次々にやってくる伯父の手紙は、督促状みたいな調子になっていった。私は曖昧な返事を出しておいた。母からも別に、曖昧な手紙がいったらしい。伯父はやがて、年内に確実な返事がほしいと、強硬な期限づきで言ってきた。年内に返事がなければ、他の人を雇わなければならないとのことだった。なにか切迫した事情があるらしいのだ。――私は母や妹の意向も探ってみたが、ただなんとなく気懸りらしく淋しそうなだけで、一向に要領を得なかった。
そういう事情が、私を更に弓子へ執着さしたのだ。私は彼女に伯父からの手紙のことを話した。冗談のように装って話した。彼女は故意に殻にでも閉じ籠るような様子を示した。どうでもよいことのような調子を装った。装ったのだと私は思った。そして内心では、彼女が私を引きとめてくれるものと期待していた。――更に内心では、私は打ち明けて言おう。彼女との結婚を空想していたのだ。彼女と結婚して、そして私は、あの酒場を盛大に繁昌さしてやろうと考えた。そうなれば、母の生活も安泰だし、妹の嫁入りも気易く出来よう。小樽の伯父とも連絡して、海産物加工品の取引きも初めよう。
私は年内に、弓子の決定的な言葉を得たいと思った。更に空想の中では、彼女から結婚の話が出るだろうと胸をとどろかしていた。そして私は彼女に夢中になっていった。
そこへ突然、あの情景が展開されたのだ。彼女にとっては、苦悩の爆発みたいなものだった。私にとっては、雷撃にも似ていた。――私は今、それを語ることは、苦痛を超えた喜びでさえある。
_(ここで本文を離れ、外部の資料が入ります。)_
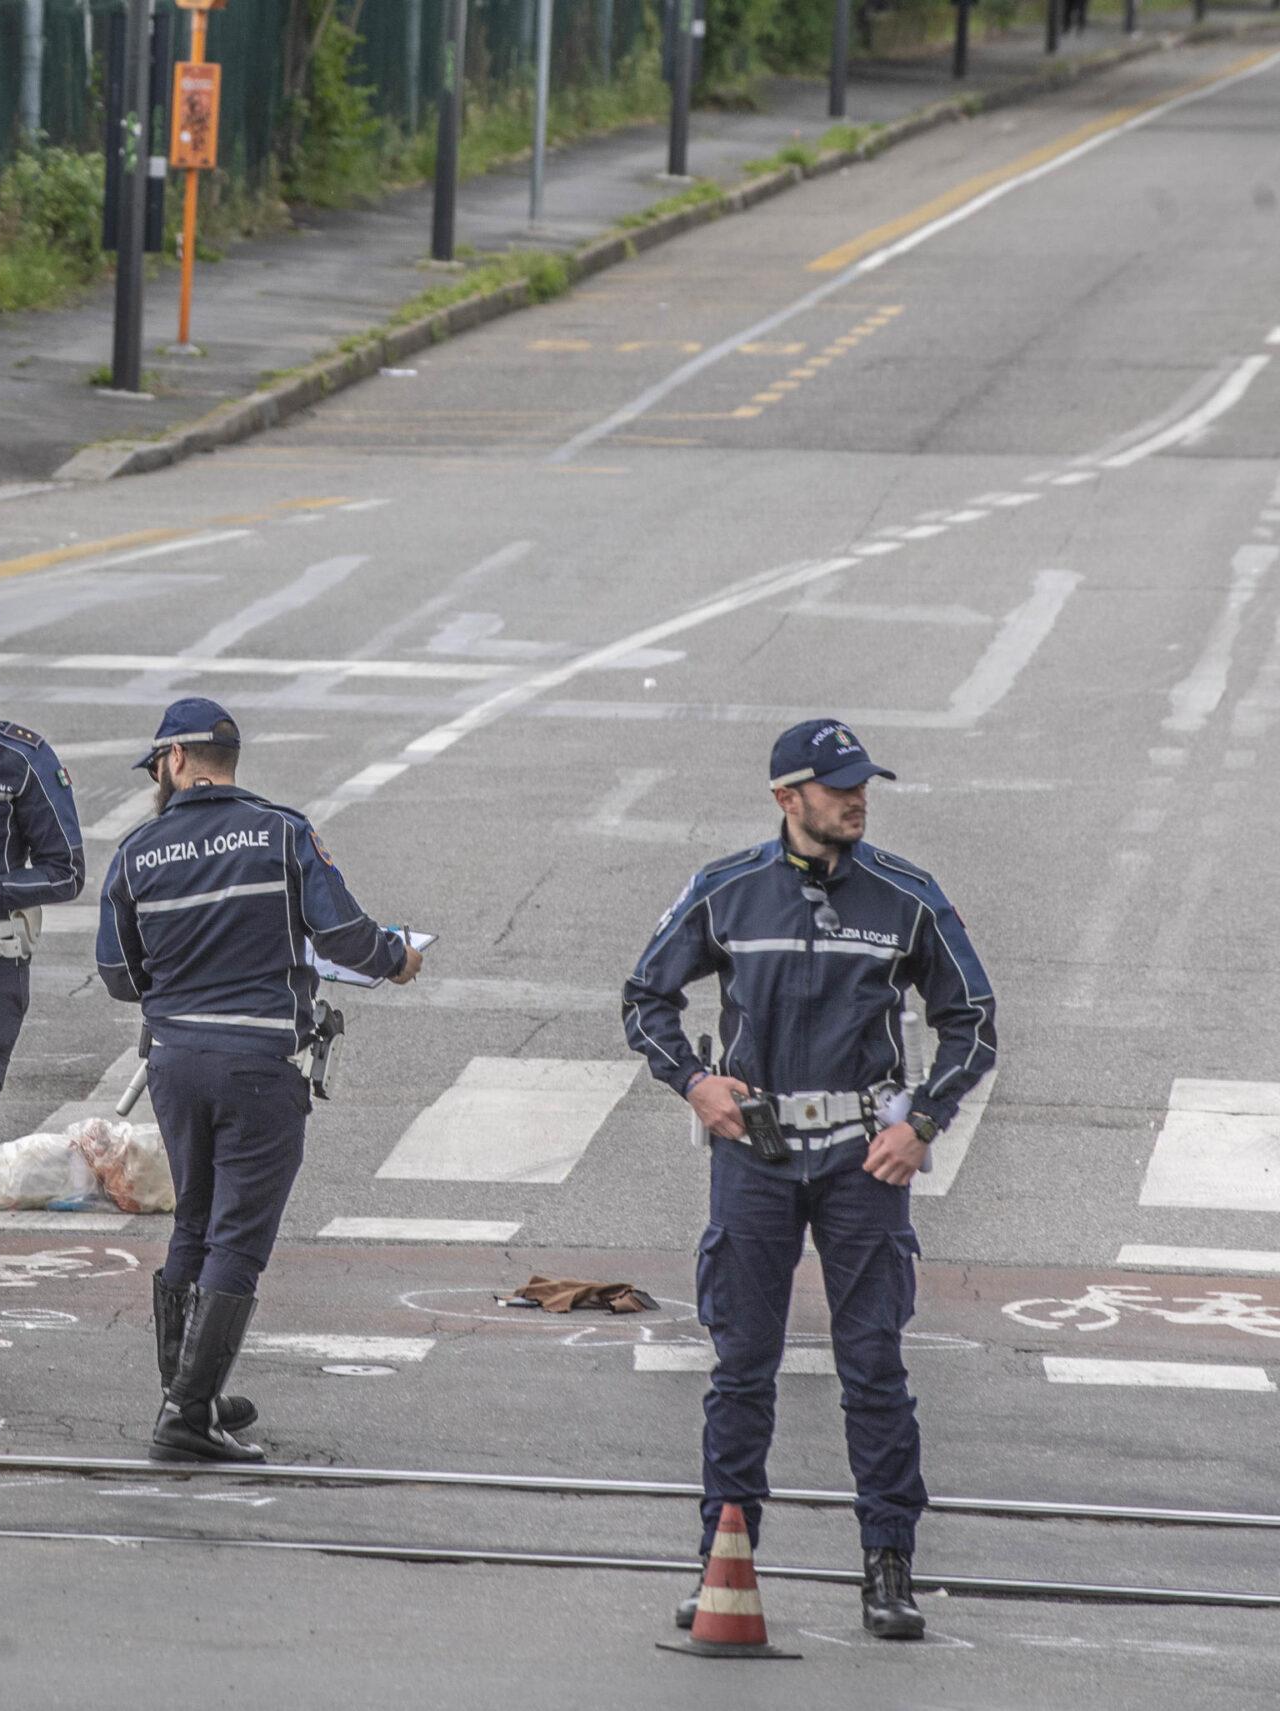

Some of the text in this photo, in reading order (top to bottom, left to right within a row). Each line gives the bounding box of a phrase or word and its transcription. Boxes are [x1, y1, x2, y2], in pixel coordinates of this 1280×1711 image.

商売のことで、ちょっと飲み、酔ってくると、弓子に逢いたくなった。少し遅かったが、行ってみた。
店は真暗だが、奥の室に光りがあった。私は声をかけて、煙草を吸いはじめた。ずいぶん暫くして、ぱっと電灯がつき、弓子が出てきた。今日は休みで、戸締りをしておいた筈だが、と言う。私は帰りかけた。
「飲みたいんでしょう。おあがんなさい。今日は休みだから、わたしがおごるわ。」
最初来た時から二度目に、私は彼女の室に通った。
食卓にウイスキーの瓶やピーナツが出ていた。
「お客さん?」
弓子は頭を振って、文机の上に散らかっている書箋を指した。手紙を書いていたところらしい。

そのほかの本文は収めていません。